Of the many things an information technology executive is responsible for these days disaster recovery rarely makes the top five list for being innovative or fun.
Yet, an effective disaster recovery strategy can help an IT executive and his organization stakeholders sleep better at night. Disaster recovery is considered best practice for most organizations and is required from a compliance perspective for many organizations. A lot like an insurance plan, you hope you never need disaster recovery, but you hope your strategic plan works well if and when you need it. These days with both regional weather issues and information security breaches causing system outages, disaster recovery may be more important than ever before. This is even more evident when you recognize how the extended outage of critical online systems can have on brand reputation, operational excellence and financial stability.
For a long time now, disaster recovery was considered “table stakes” or “blocking and tackling” for information technology professionals. In the “old days” of information technology, an IT exec had two traditional disaster recovery choices. An organization could build its own disaster recovery solution in its own datacenters. This option required a significant capital expense with technology that typically had a four-year lifecycle.
Furthermore, this hardware and infrastructure had to be scaled through additional capital investments along with organizational growth. Even in the world of virtual machines, this was expensive and challenging for organizations with limited capital or limited data center space. The other option was to go to an outside organization and contract for disaster recovery services.

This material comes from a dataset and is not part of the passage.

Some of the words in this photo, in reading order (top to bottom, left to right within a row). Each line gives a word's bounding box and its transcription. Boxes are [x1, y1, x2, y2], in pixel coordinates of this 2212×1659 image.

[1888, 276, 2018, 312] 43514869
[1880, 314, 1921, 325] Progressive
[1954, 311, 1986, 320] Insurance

The pitfalls of this model were high operating costs and the need to compete for the disaster recovery hardware if a regional disaster impacts multiple clients at the same time.

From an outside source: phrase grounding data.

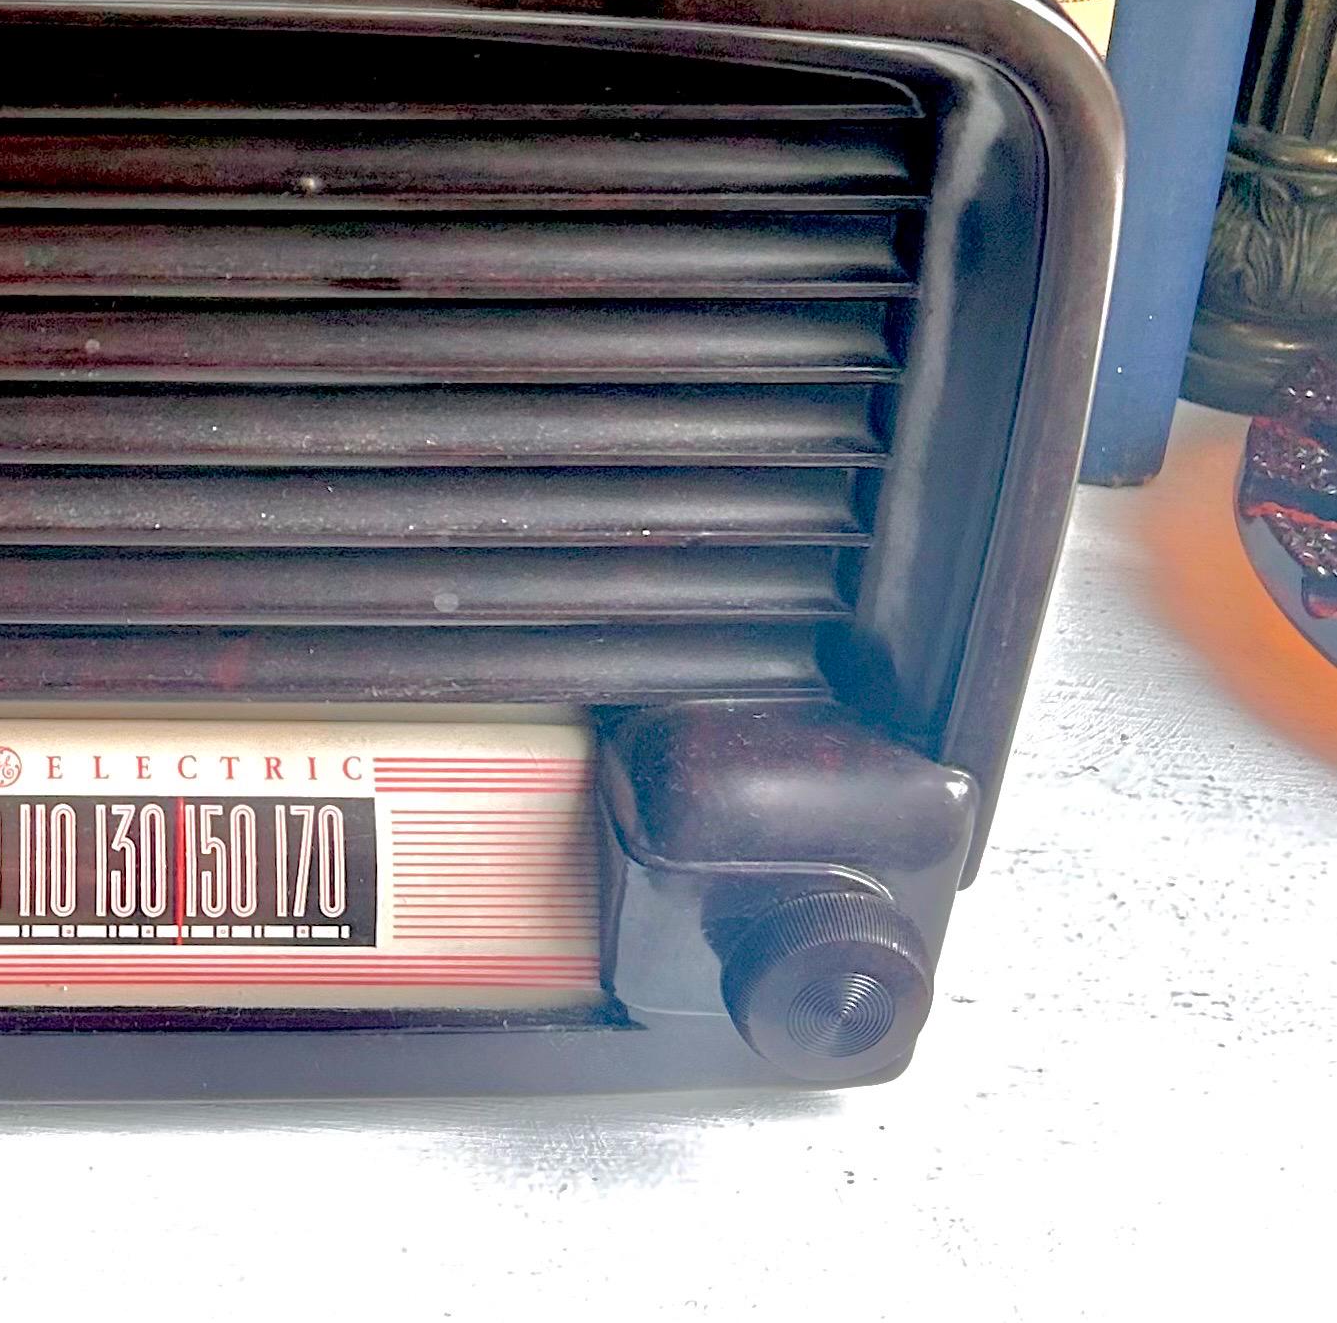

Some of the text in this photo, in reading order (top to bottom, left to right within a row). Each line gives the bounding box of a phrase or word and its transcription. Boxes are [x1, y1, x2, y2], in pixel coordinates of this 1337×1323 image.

[46, 755, 363, 780] ELECTRIC
[19, 803, 76, 917] 110
[95, 803, 166, 917] 130
[185, 803, 257, 917] 150
[274, 803, 346, 917] 170

There is a “new kid in town” when it comes to disaster recovery solutions which can deliver some innovative benefits. In the current “as a service” world, there is now another option to consider when spinning disaster recovery solutions.
Many providers and, in fact, many applications vendors are now offering Disaster Recovery as a Service (DRaaS). When you look at the options that are available today, DRaaS may be worth looking at.
Some of the potential benefits of DRaaS include:
- Does not require you to use existing expensive white space in your data centers
- Does not require you to invest in the hardware infrastructure for disaster recovery
- Allows you to scale on demand as your business requires
- Allows you to potentially avoid hiring staff by tapping you into local applications and technology expertise at the vendor or provider
- Allows you flexibility at the end of your contract term
Having experienced all three versions of disaster recovery (build it yourself, contract with major provider, DRaaS), I would lean heavily toward DRaaS if I had to do it again. If this option is provided by your major applications vendor, talk to them about pricing and compare against the traditional models.
If it is not provided, and they have the resources and desire, you may be able to work with them to establish a new service line and enjoy the financial benefits of being their first DRaaS customers.
Here is to hoping that you never need your Disaster Recovery capabilities.
John Donohue is associate CIO of technology and infrastructure at Penn Medicine.